Those are not logic level devices, and are rated to be fully turned on at +/- 10V (N/P) gate to source voltage. You appear to lack the analog electronics background required for putting together such circuitry.

Then you should consider using a simulator like LTspice. It will be much more educational and you don't have to worry about burning up MOSFETs.
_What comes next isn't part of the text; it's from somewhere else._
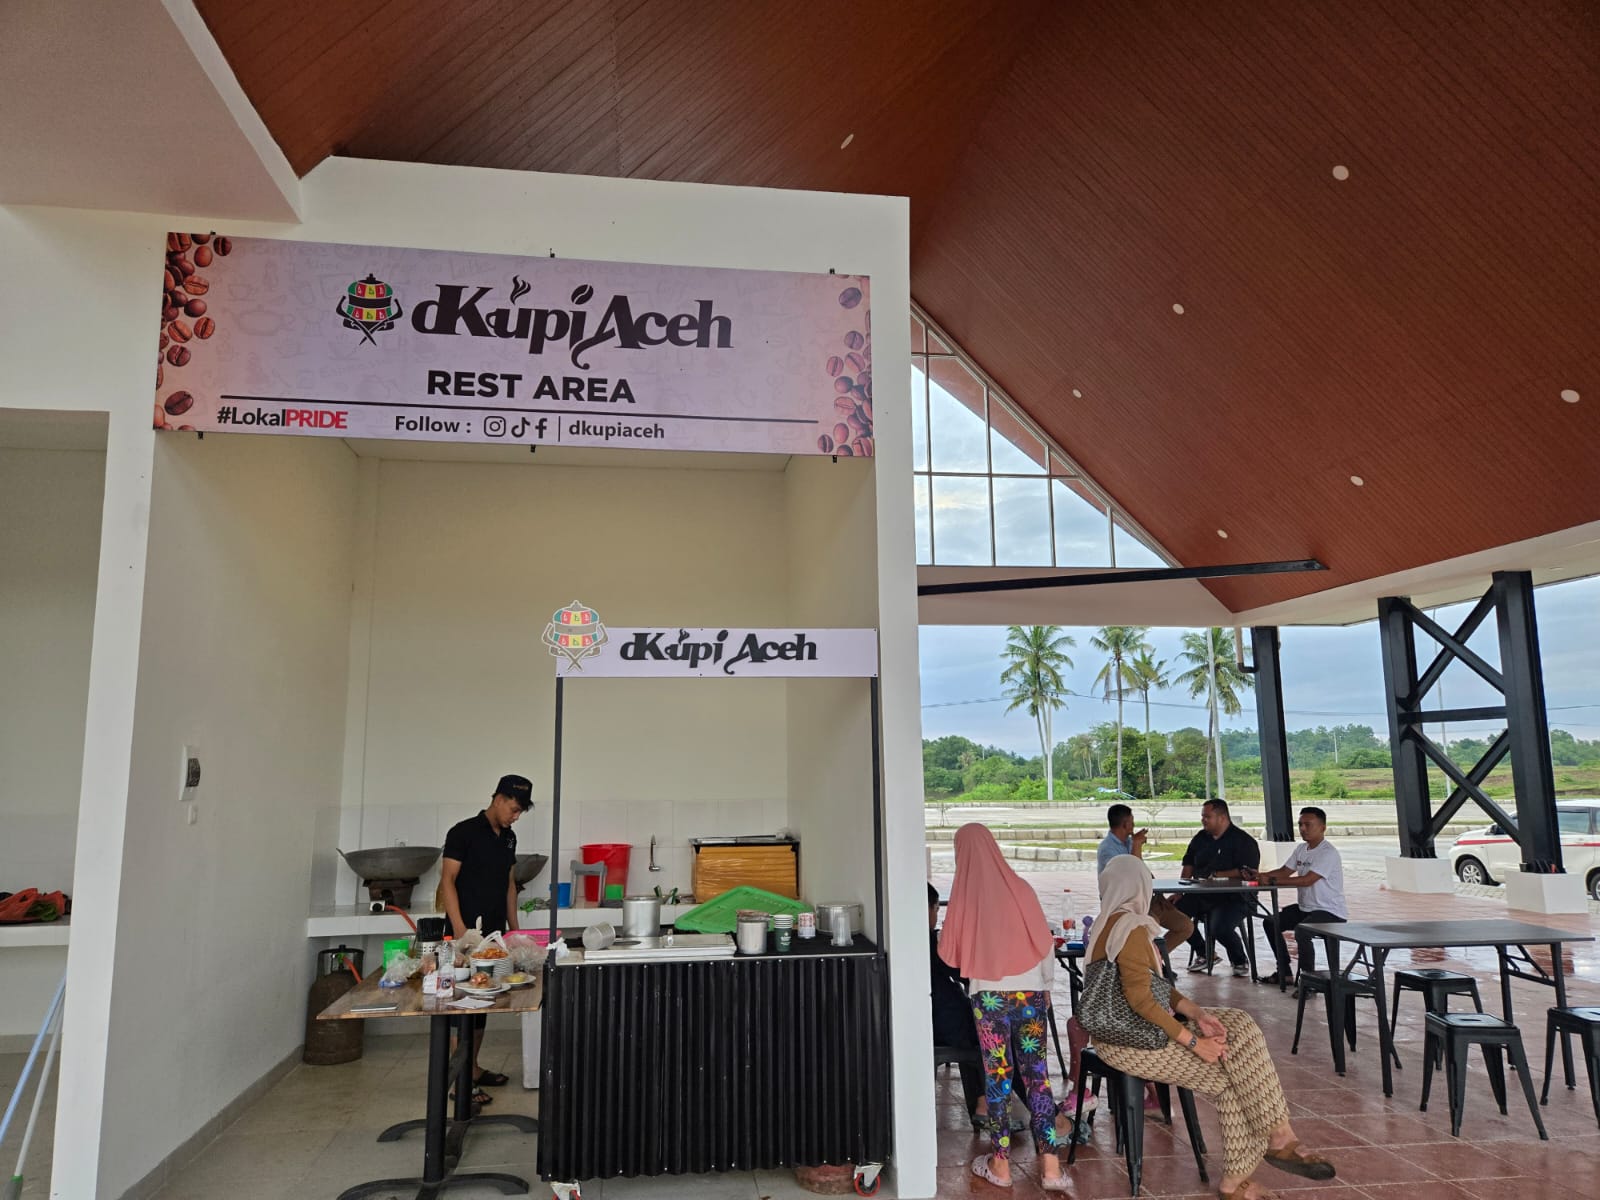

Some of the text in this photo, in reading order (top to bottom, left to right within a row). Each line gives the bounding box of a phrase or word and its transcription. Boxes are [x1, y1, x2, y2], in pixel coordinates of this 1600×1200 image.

So after testing around in ltspice I used IRf9540N(there are better ones, but i had these at home) and IRLU024NPbF mosfets for my hbridge. To my schematic i added 1kohm pulldown resistors and between the arduino and the gates 220 ohm resistors. Now it runs as expected.

Great.
Have a nice day!

As expected in real life?

Can you please post a undated schematic?

Thanks.. Tom...

You are damaging your FETs due to a condition called "shoot-through," where both MOSFETs are on simultaneously. For example, assuming a 5V supply and using the N-channel source as the reference, when your input voltage is between 2V and 3V, both the P-channel and N-channel devices are on at the same time. As the MOSFETs heat up, their characteristics can change, worsening the problem. If the voltage goes much above 5V, you risk releasing the "magic smoke" and permanently damaging the components.

To address this, you need to redesign your circuit to ensure that no more than one MOSFET on each side is ON at any given time. Additionally, you must select MOSFETs that are appropriate for the voltages used in your circuit.

Must be in Sim. How many got an H-bridge right for the very first time?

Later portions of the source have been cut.